Wiki ("Slavery in Texas") has it that 1,000 Texas slaves escaped into Mexico during in the five years running from 1850 through 1855, or about 200 each year. Not unreasonable to guesstimate five times that many total making the attempt, or 1,000 each year.

http://en.wikipedia.org/wiki/History_of_slavery_in_Texas

Sounds like a lot, but the same source puts the slave population in Texas in 1850 as 58,000 in 1850 and 182,000 in 1860. Ballparking; 1,000 runaways per year adds up to somewhere around 1% of the slave population in any given year making the attempt.

Thomas Porter in his book "The Black Seminoles" puts the value of a "prime field hand" in the 1850's at $1,200 to $1,500. Recall that cattleman John Chisum in that same era paid $1,500 for his attractive teenage houskeeper/concubine.
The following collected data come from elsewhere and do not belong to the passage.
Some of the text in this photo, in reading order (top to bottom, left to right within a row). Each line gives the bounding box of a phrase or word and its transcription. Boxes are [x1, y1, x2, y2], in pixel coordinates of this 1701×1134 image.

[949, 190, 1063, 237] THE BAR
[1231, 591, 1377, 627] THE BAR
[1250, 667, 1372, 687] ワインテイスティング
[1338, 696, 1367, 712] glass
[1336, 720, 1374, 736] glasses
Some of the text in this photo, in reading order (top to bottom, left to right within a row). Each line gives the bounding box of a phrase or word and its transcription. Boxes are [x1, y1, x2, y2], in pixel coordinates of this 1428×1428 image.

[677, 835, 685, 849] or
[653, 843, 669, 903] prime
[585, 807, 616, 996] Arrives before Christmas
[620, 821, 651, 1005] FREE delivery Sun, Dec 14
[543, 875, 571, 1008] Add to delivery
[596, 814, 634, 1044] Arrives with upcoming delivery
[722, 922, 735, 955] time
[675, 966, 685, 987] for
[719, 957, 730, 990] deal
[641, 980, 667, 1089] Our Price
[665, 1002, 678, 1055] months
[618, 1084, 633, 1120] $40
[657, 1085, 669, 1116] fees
What the standard fees were for recovery of a runaway I dunno, but I think Olmstead somewhere mentioned $200, the state proposing $500.

Useful at this point too to try and figure just how much $200 in real terms was to a Texan in the 1850's.

Here's an interesting link from a National Bureau of Economic Research giving farm laborers' monthly pay in Texas (see page 453):

http://www.nber.org/chapters/c2486.pdf

$12 per month in 1850 to $16 in 1860. Translating to $136 to $192 per year.

Considering that a sort of minimum wage, in today's terms, based upon a $7.25/hour wage, that would translate to about $300 modern dollars a month or around $15,000 a year.

By that yardstick, the $1,200 to $1,500 value of a slave translates in modern dollars to $94,000 - $117,000. Put in THOSE terms it becomes easy to see why even longtime family slaves, practically family members, might still have to worry about being sold off at any given point in time.

A potential recovery fee of $200 back then (if indeed you could collect it) ballparks in today's dollars at around $16,000. No wonder folks were so active in the recovery of runaways. No wonder either that some folks specialized in slave catching.